# [Exercise details]
Please write out all of the records below exactly as they appear.

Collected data
• • • • • • •

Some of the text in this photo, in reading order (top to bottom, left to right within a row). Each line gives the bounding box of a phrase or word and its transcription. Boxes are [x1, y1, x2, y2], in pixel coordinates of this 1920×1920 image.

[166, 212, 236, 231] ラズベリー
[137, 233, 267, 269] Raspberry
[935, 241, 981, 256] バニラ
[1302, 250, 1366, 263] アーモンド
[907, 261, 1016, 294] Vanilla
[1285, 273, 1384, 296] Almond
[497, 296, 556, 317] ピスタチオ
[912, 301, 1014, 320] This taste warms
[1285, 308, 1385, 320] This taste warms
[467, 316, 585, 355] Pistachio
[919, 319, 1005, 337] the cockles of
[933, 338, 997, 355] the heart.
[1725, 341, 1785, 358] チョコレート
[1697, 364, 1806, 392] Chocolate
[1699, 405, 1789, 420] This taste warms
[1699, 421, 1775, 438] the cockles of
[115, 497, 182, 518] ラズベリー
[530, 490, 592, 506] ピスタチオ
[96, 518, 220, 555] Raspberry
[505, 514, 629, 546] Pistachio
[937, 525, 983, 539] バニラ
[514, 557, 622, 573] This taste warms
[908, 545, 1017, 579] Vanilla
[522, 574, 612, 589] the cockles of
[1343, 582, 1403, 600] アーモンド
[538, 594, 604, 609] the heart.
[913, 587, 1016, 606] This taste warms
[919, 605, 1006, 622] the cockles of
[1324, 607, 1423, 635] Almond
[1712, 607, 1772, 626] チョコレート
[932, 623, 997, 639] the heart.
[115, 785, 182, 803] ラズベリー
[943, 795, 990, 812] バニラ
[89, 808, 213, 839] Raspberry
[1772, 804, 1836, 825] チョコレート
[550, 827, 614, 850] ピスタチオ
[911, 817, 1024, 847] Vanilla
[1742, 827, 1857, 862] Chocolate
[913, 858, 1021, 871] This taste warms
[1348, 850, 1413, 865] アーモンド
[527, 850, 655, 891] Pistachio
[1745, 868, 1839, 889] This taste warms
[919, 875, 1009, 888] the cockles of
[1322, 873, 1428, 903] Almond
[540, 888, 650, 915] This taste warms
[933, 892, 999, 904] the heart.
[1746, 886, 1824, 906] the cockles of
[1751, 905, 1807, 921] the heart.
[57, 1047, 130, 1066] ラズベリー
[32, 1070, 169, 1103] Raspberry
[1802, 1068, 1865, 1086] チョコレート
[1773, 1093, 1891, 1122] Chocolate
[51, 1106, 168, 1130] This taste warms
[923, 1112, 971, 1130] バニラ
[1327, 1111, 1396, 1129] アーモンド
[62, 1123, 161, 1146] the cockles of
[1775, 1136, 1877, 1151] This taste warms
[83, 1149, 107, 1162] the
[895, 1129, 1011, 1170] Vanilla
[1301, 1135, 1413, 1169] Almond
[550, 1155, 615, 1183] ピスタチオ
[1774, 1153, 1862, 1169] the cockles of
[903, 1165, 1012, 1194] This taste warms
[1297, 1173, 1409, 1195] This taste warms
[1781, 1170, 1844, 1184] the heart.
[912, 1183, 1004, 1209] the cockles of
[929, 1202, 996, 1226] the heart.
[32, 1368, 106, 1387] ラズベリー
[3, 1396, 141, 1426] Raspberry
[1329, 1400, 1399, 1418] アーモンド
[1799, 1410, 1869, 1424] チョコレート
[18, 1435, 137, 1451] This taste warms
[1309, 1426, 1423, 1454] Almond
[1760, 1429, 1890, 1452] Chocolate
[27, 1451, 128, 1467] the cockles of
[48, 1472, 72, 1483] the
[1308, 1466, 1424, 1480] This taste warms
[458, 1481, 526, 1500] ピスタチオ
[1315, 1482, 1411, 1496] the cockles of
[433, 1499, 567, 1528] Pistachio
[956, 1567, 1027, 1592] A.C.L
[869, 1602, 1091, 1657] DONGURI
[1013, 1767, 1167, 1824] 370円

• • • • • • •

# [Answer to this problem]
Some of the text in this photo, in reading order (top to bottom, left to right within a row). Each line gives the bounding box of a phrase or word and its transcription. Boxes are [x1, y1, x2, y2], in pixel coordinates of this 1920×1920 image.

[166, 212, 236, 231] ラズベリー
[137, 233, 267, 269] Raspberry
[935, 241, 981, 256] バニラ
[1302, 250, 1366, 263] アーモンド
[907, 261, 1016, 294] Vanilla
[1285, 273, 1384, 296] Almond
[497, 296, 556, 317] ピスタチオ
[912, 301, 1014, 320] This taste warms
[1285, 308, 1385, 320] This taste warms
[467, 316, 585, 355] Pistachio
[919, 319, 1005, 337] the cockles of
[933, 338, 997, 355] the heart.
[1725, 341, 1785, 358] チョコレート
[1697, 364, 1806, 392] Chocolate
[1699, 405, 1789, 420] This taste warms
[1699, 421, 1775, 438] the cockles of
[115, 497, 182, 518] ラズベリー
[530, 490, 592, 506] ピスタチオ
[96, 518, 220, 555] Raspberry
[505, 514, 629, 546] Pistachio
[937, 525, 983, 539] バニラ
[514, 557, 622, 573] This taste warms
[908, 545, 1017, 579] Vanilla
[522, 574, 612, 589] the cockles of
[1343, 582, 1403, 600] アーモンド
[538, 594, 604, 609] the heart.
[913, 587, 1016, 606] This taste warms
[919, 605, 1006, 622] the cockles of
[1324, 607, 1423, 635] Almond
[1712, 607, 1772, 626] チョコレート
[932, 623, 997, 639] the heart.
[115, 785, 182, 803] ラズベリー
[943, 795, 990, 812] バニラ
[89, 808, 213, 839] Raspberry
[1772, 804, 1836, 825] チョコレート
[550, 827, 614, 850] ピスタチオ
[911, 817, 1024, 847] Vanilla
[1742, 827, 1857, 862] Chocolate
[913, 858, 1021, 871] This taste warms
[1348, 850, 1413, 865] アーモンド
[527, 850, 655, 891] Pistachio
[1745, 868, 1839, 889] This taste warms
[919, 875, 1009, 888] the cockles of
[1322, 873, 1428, 903] Almond
[540, 888, 650, 915] This taste warms
[933, 892, 999, 904] the heart.
[1746, 886, 1824, 906] the cockles of
[1751, 905, 1807, 921] the heart.
[57, 1047, 130, 1066] ラズベリー
[32, 1070, 169, 1103] Raspberry
[1802, 1068, 1865, 1086] チョコレート
[1773, 1093, 1891, 1122] Chocolate
[51, 1106, 168, 1130] This taste warms
[923, 1112, 971, 1130] バニラ
[1327, 1111, 1396, 1129] アーモンド
[62, 1123, 161, 1146] the cockles of
[1775, 1136, 1877, 1151] This taste warms
[83, 1149, 107, 1162] the
[895, 1129, 1011, 1170] Vanilla
[1301, 1135, 1413, 1169] Almond
[550, 1155, 615, 1183] ピスタチオ
[1774, 1153, 1862, 1169] the cockles of
[903, 1165, 1012, 1194] This taste warms
[1297, 1173, 1409, 1195] This taste warms
[1781, 1170, 1844, 1184] the heart.
[912, 1183, 1004, 1209] the cockles of
[929, 1202, 996, 1226] the heart.
[32, 1368, 106, 1387] ラズベリー
[3, 1396, 141, 1426] Raspberry
[1329, 1400, 1399, 1418] アーモンド
[1799, 1410, 1869, 1424] チョコレート
[18, 1435, 137, 1451] This taste warms
[1309, 1426, 1423, 1454] Almond
[1760, 1429, 1890, 1452] Chocolate
[27, 1451, 128, 1467] the cockles of
[48, 1472, 72, 1483] the
[1308, 1466, 1424, 1480] This taste warms
[458, 1481, 526, 1500] ピスタチオ
[1315, 1482, 1411, 1496] the cockles of
[433, 1499, 567, 1528] Pistachio
[956, 1567, 1027, 1592] A.C.L
[869, 1602, 1091, 1657] DONGURI
[1013, 1767, 1167, 1824] 370円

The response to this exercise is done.